Many a time I wondered how could West Bengal remain so poor and less developed even after 30 year of stable leftist rule. I did write about my experiences how the leftists spoiled the industries of West Bengal through trade unionism that basically terrorized the management. Any one in managerial staffs had to suffer and lead a life with fear or tow whatever the union representatives wanted. I had to pay for my bold management stands against the wishes of union many a time during HM days.
The whole world and particularly leftist intellectuals have painted the rosiest picture of the changes in rural Bengal. As much as I have noticed and conclude the local people in rural Bengal have started working very hard for getting the maximum of yields from the farming shaking off the older dogma. West Bengal didn’t use the workers from Bihar and other poor state for farming, other northern Indian states such as Haryana and Punjab did.
I don’t know how correct is Mukulika when she claims, ” Only under Left Front rule, the gorib (the sharecroppers and daily wage labourers) have gained a modicum of self-respect, a luxury no one in their families had ever experienced before. It is now possible to ride a bicycle or wear trousers without being ridiculed by members of wealthier castes.” I had friends from the rural areas since my school days and was very much in contact with the large number of local employees in HM with rural background.
Mukulika Banerjee, a reader in social anthropology, University College, London happens to write her experiences in two Muslim villages in Birbhum of West Bengal in Times of India on December 3, 2007.
After the left takeover in West Bengal, the comrades rule the state and all in administration including IPS or IAS officers are to keep the comrades in good humour. Union decides whom to employ, whom to promote, who gets the company quarters, and even who gets some advance payment.
I never knew that the grip is so intense in rural Bengal. Mukulika writes:
A ‘comrade’ controls all life in an average village of West Bengal today. In his sphere of influence, the local comrade reigns, his word is law. Successful comrades are those who are able to ingratiate themselves into every single village matter.
The comrade controls even personal lives of the people. No marriage transaction for a young girl can be made without the comrade’s consent, brothers cannot settle inheritance issues without the comrade’s support and no one can even dream of starting a new business without the comrade and his sons trying it out first.

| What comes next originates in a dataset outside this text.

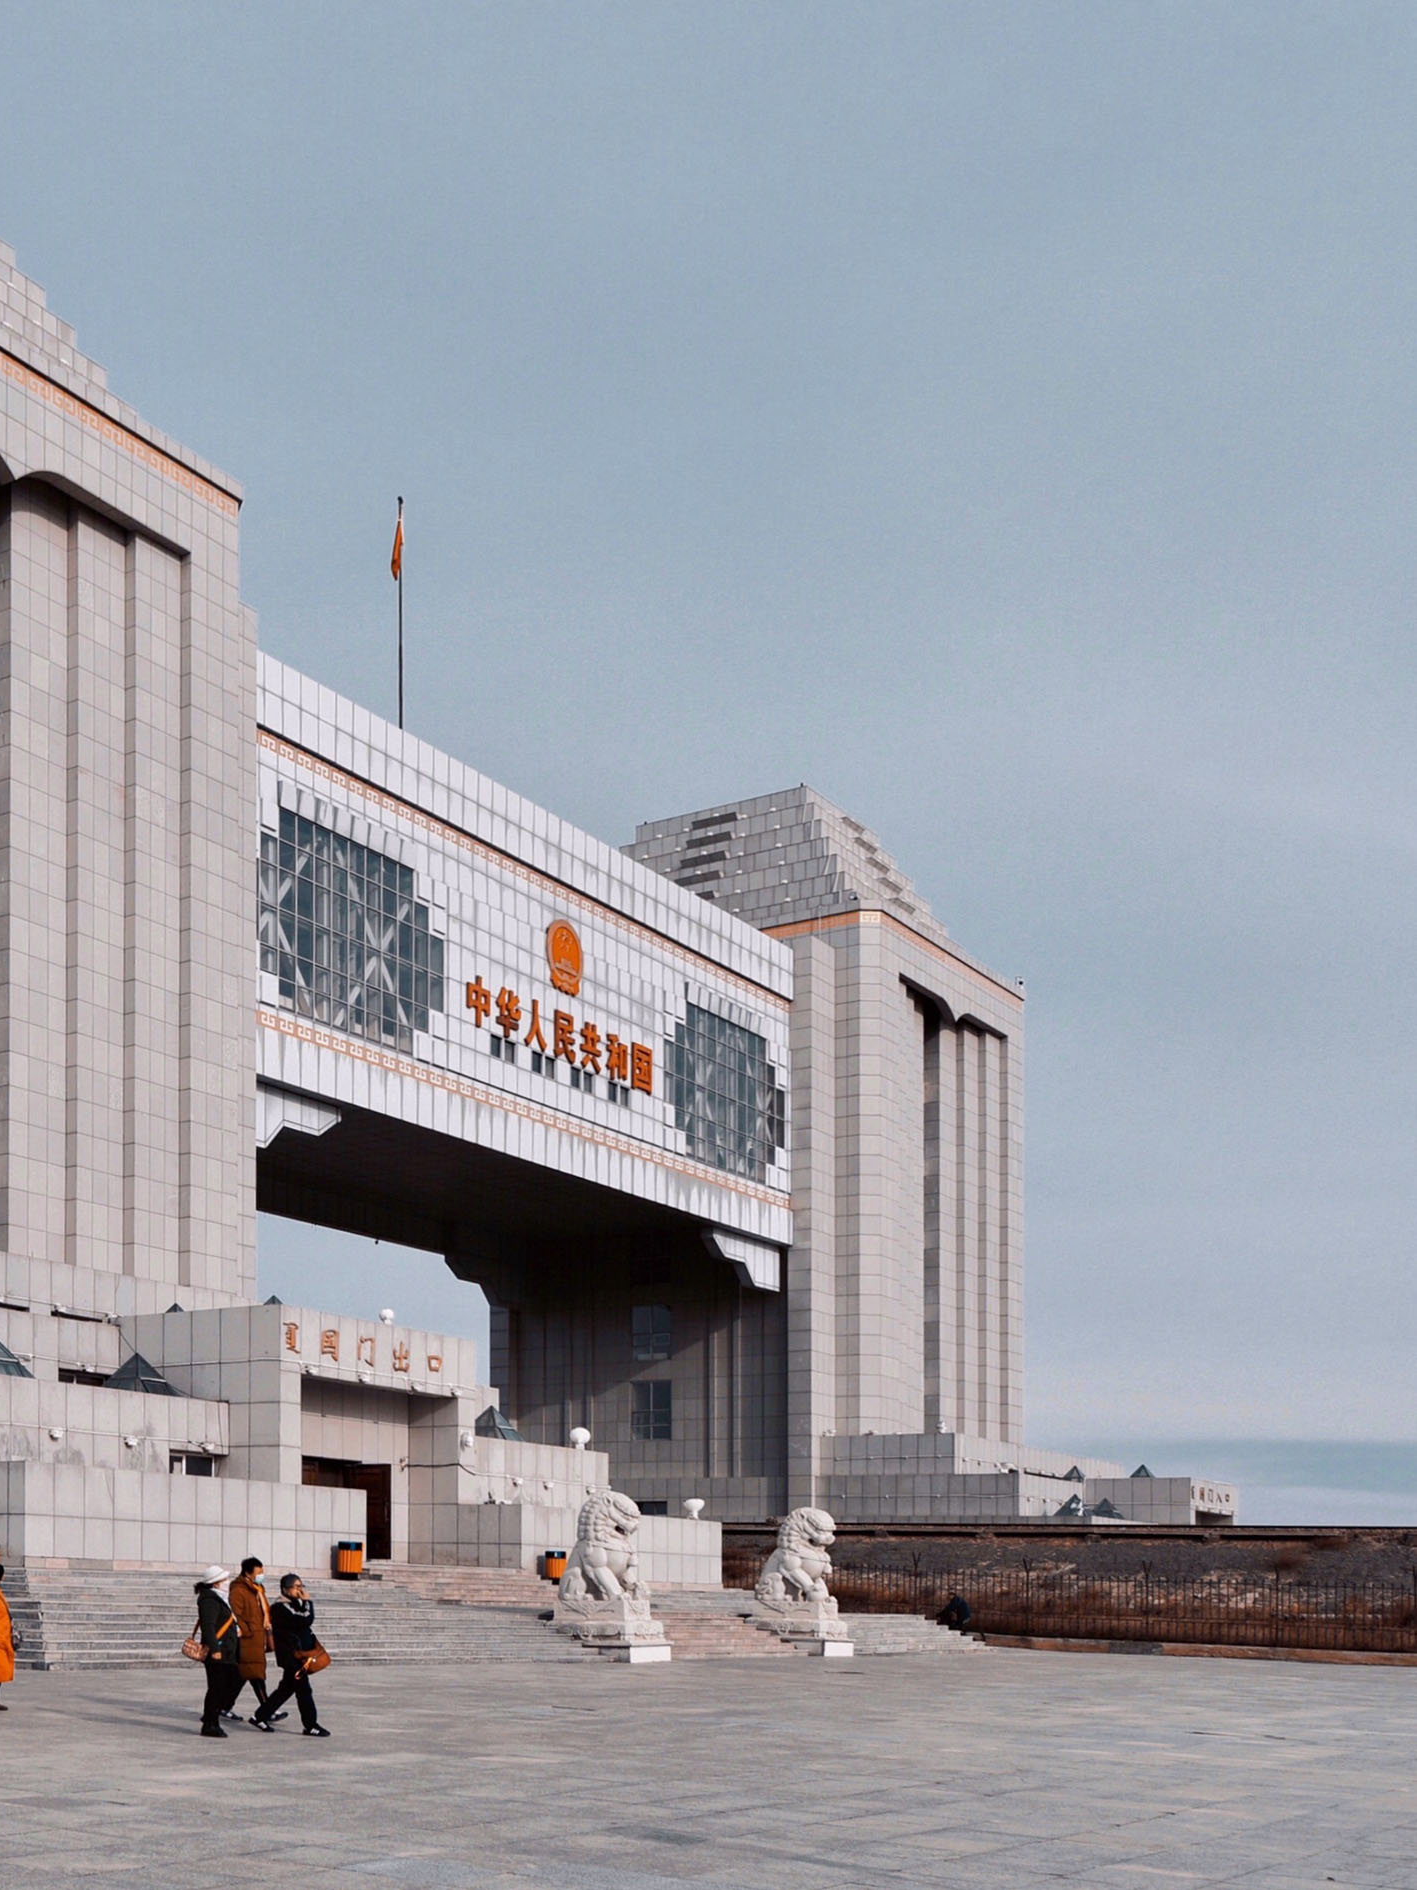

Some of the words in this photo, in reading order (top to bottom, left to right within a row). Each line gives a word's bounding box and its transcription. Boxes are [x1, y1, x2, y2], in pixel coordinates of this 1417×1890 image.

[465, 974, 654, 1095] 中华人民共和国

The comrade’s lust, desire for control and greed rules the lives of the people. Any challenge to this power is met with disproportionate punishment. Access to the village lane can be cut off to the offending member’s household, a mysterious stampede of cows can ruin a standing harvest, a girl can be raped as she walks home in the dark or a young man is beaten up in front of his prospective in-laws.
Ironically, ministers, senior leaders in Kolkata and district capitals seem unaware of these happenings. They express surprise. Why should they bother if it means easy electoral victory for them election after election?

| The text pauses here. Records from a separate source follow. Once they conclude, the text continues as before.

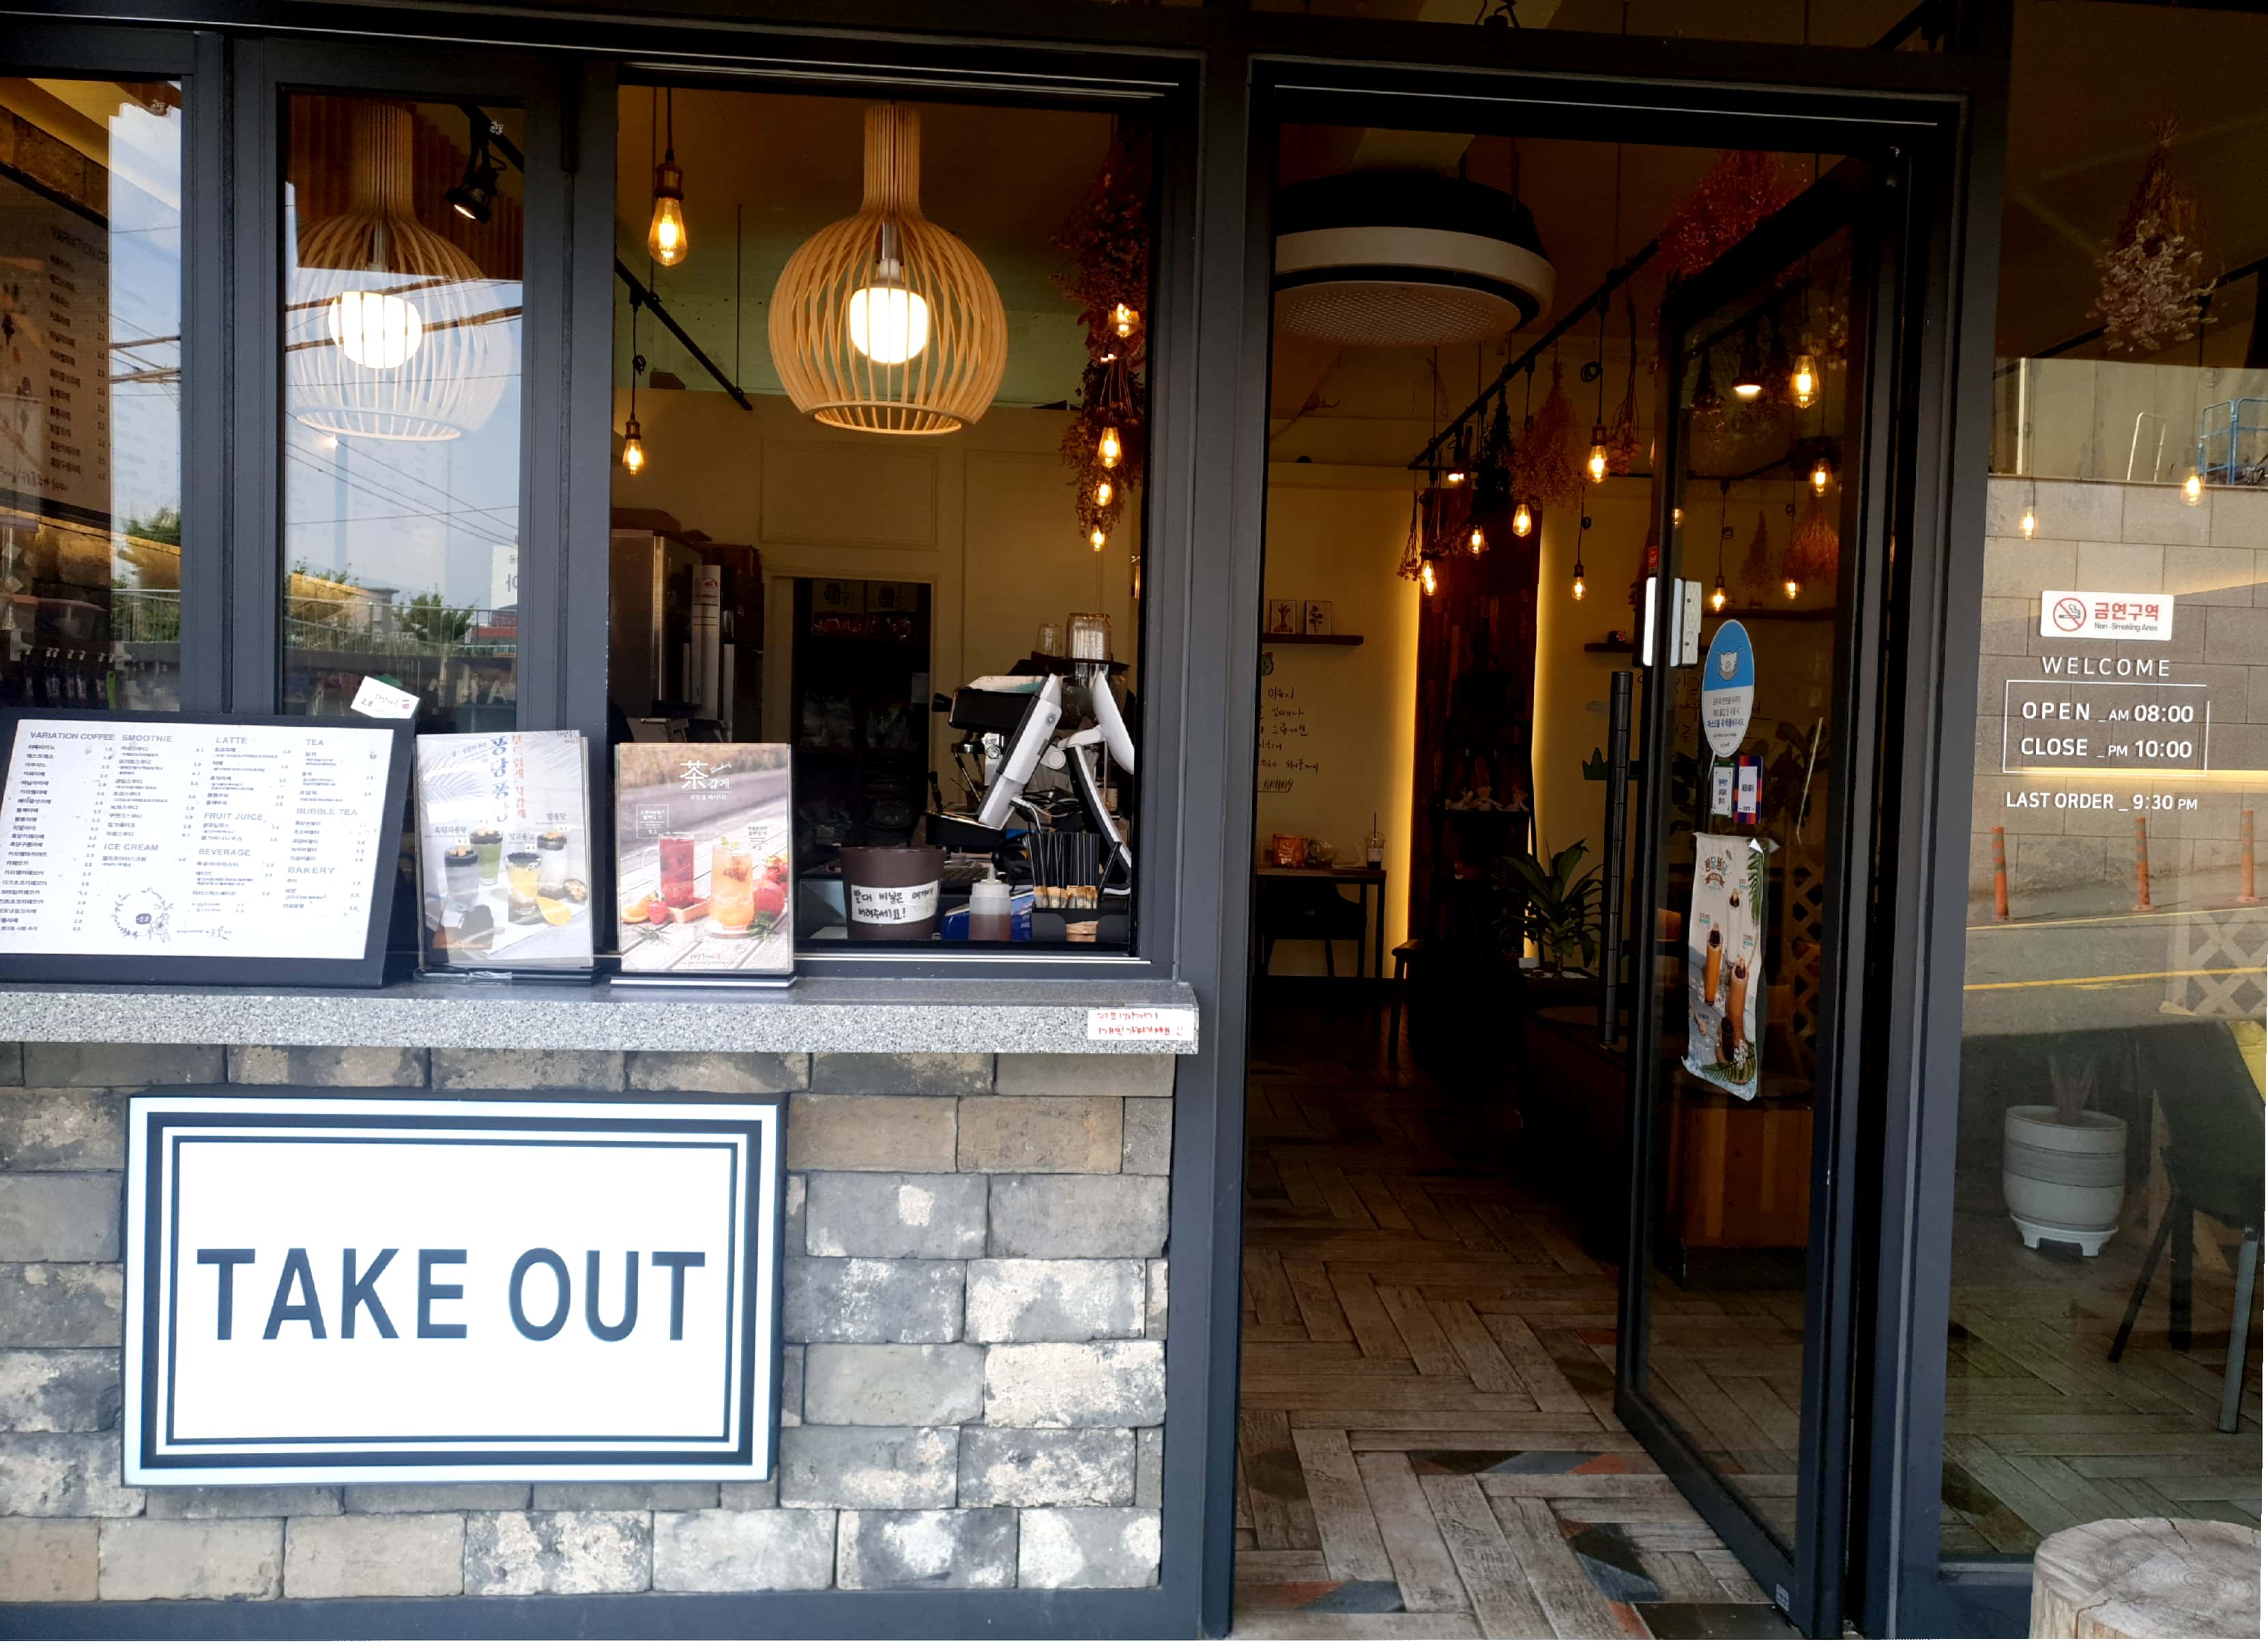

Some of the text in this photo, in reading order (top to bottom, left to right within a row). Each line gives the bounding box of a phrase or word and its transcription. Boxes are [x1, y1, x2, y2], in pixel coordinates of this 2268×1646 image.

[2094, 602, 2160, 622] 금연구역
[2142, 624, 2158, 632] Area
[2041, 656, 2170, 677] WELCOME
[2022, 702, 2090, 721] OPEN
[2134, 705, 2194, 723] 08:00
[31, 732, 78, 740] VARIATION
[2021, 738, 2088, 757] CLOSE
[2135, 740, 2192, 759] 10:00
[2006, 792, 2050, 809] LAST
[2055, 793, 2114, 809] ORDER
[2133, 794, 2173, 811] 9:30
[2178, 798, 2198, 811] PM
[199, 848, 251, 856] BEVERAGE
[288, 866, 335, 874] BAKERY
[197, 1247, 706, 1342] TAKE OUT

The reason for these repeated victories is complex calculus of consent among the voters, systematically and painstakingly created by a hard-working party organisation. And why do various section vote for the left?
The gorib vote for it because they genuinely think that their fragile self-respect could be taken away under a Congress regime, returning the village to the horrible old days of their fathers’ humiliation. The middle peasantry and upper castes vote for the LF in the hope that this will restrain the local comrade from raising the minimum wage. Families vote for the LF hoping that the comrade will allow them to resume negotiations for their daughter’s wedding.
For anyone who has lived in a village in West Bengal, an everyday phenomenon is: The roar of motorcycles, the constant violence and threats, the decimation of any nascent opposition party activities, the growing arrogance of party cadres.
And that is the genesis of Nandigram.
Electoral victory has been a remarkable success for the Left Front in West Bengal. But is it a democracy of the people, by the people, and for the people.
I wonder if Bengal and its people can take pride in it. Can other help? Perhaps, the answer is a big ‘NO’. The whole of India can only keep on watching from a distance and making their impressions about the changing Bengal from the high rising buildings and malls in Kolkata, and the announcement of many industrial houses about the setting up of factories.